Others point out that a potential sentence, while perhaps unjust, can raise awareness. “This trial is in fact about the due process and equal protection rights of human persons living in the womb,” Goodman, one of the defendants, told me via email. “We are honored to bring their voices to the federal courts and fight this administration’s conspiracy of silence against our helpless sisters and brothers. If the judge ignores the babies and sends us to prison, we will continue our mission to be a voice for the voiceless.”
But still, he maintains, they shouldn’t have to. “Ours were not the actions of ‘extremists,’” he pointed out. “Rather, we chose an ordinary, proportionate response to a human life who is in immediate danger.”

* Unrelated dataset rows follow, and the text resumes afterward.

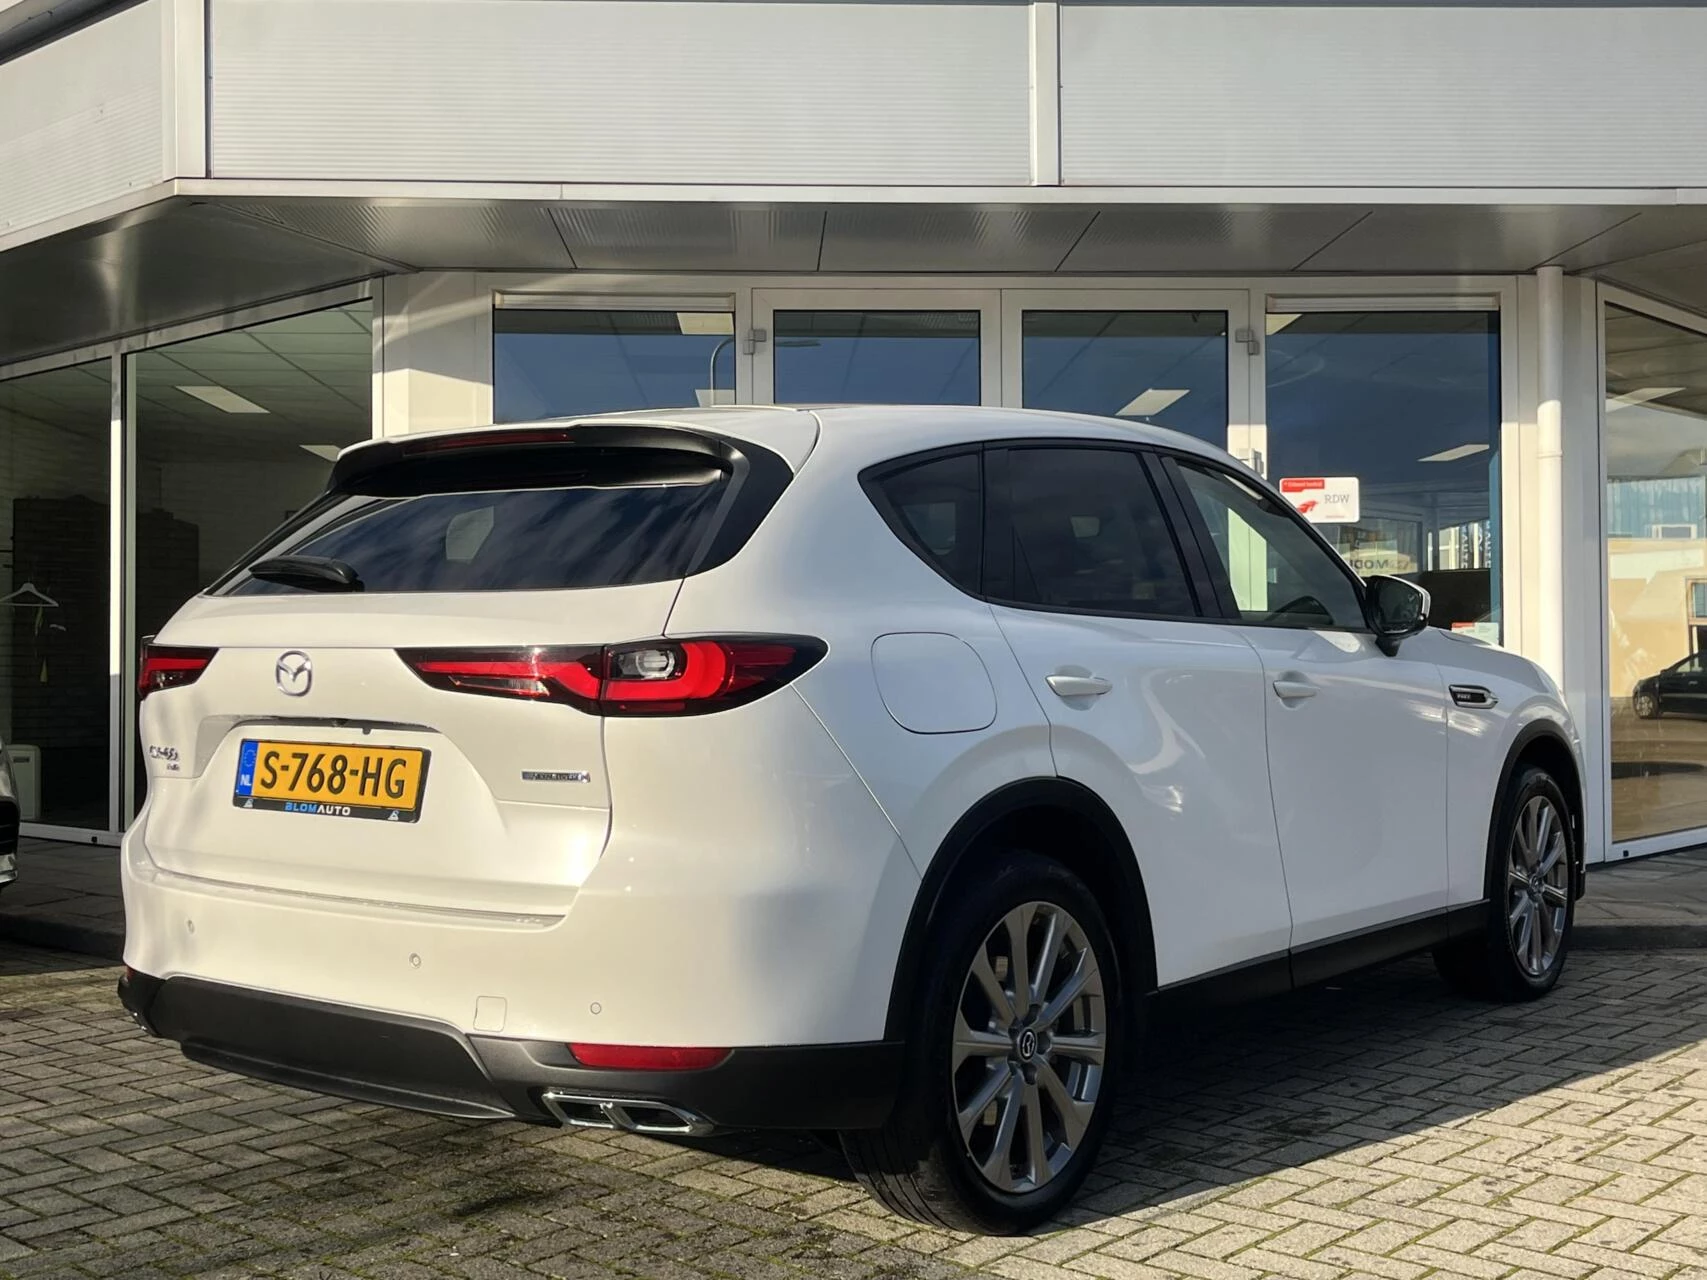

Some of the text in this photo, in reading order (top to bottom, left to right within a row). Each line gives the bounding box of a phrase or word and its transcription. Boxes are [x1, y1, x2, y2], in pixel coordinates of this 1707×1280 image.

[1324, 494, 1350, 504] RDW
[240, 774, 251, 786] NL
[260, 751, 407, 799] S-768-HG
[284, 802, 351, 816] BLOMAUTO
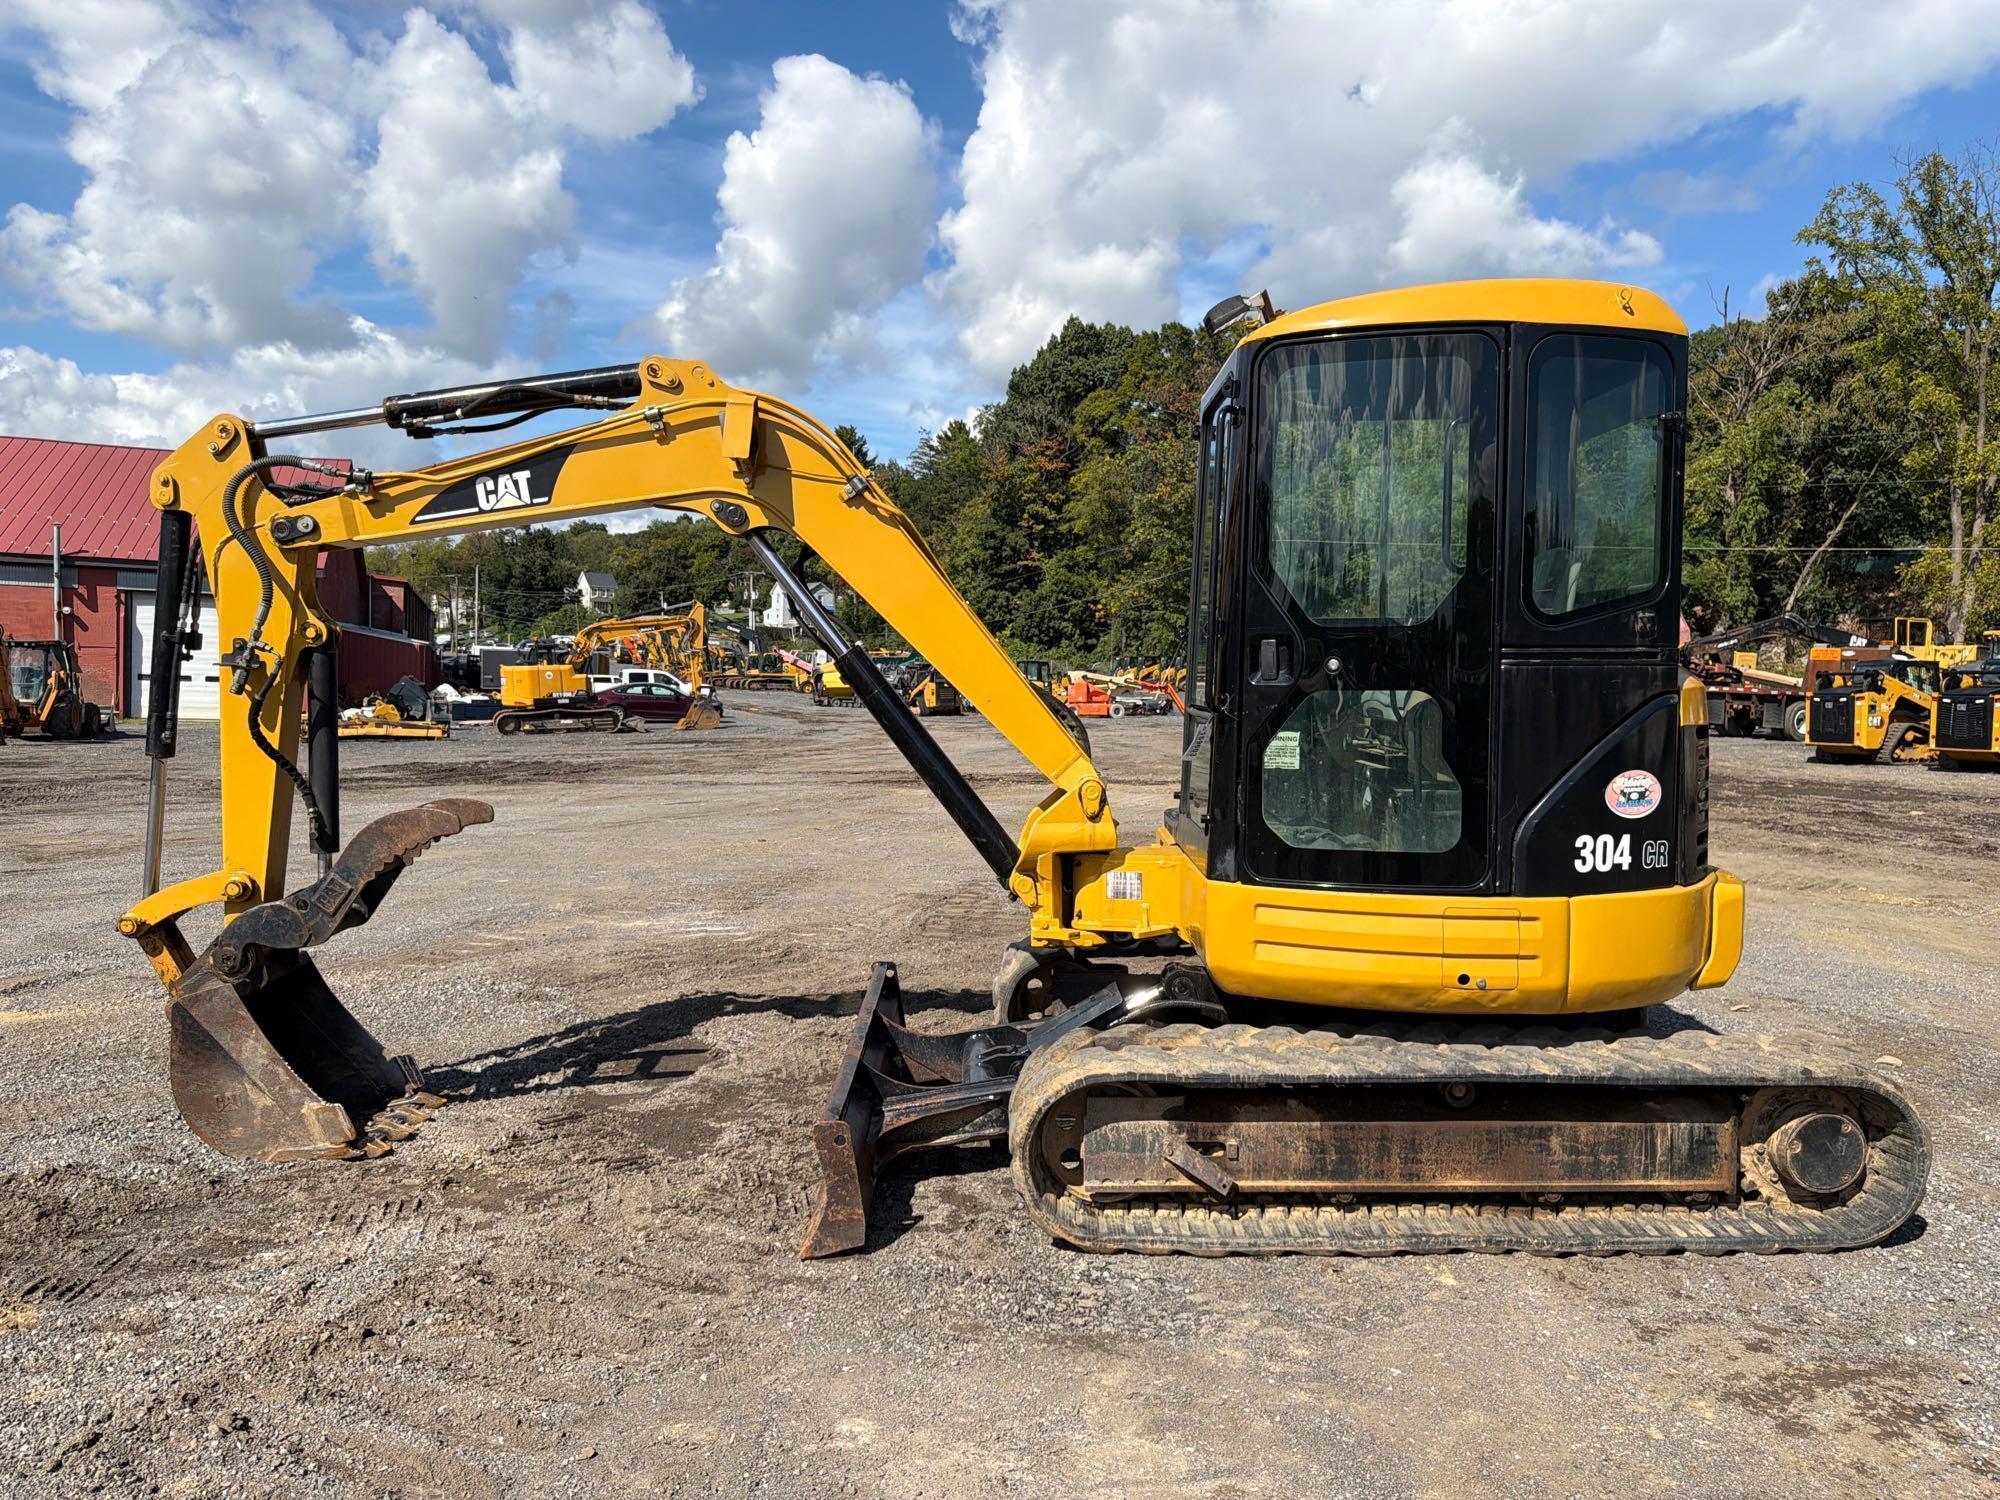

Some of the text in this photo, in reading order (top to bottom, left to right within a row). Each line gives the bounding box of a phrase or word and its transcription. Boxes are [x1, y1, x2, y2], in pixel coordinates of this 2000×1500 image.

[475, 470, 531, 511] CAT
[1849, 635, 1868, 647] CAT
[1868, 716, 1882, 727] CAT
[1574, 834, 1668, 873] 304 CR

Until Americans contend seriously with the question Louis C. K. raised — however irreverently he raised it — judges will have discretion to punish activists who peacefully protest an industry the FACE Act protects, even while applying the law lopsidedly. In the meantime, the outcome of the current case will signal to what extent pro-life defendants will be punished for protesting what they see as an unjust law that violates the most vulnerable, helpless victims.
“Draconian federal punishments like these against peaceful Americans have not been used since members of the underground railroad worked to free innocent people from bondage and were thus charged under the enormously unjust Fugitive Slave Act,” Goodman said. “The FACE Act is a similar tool of legal injustice instrumentalized to protect violence and those who perpetrate it.”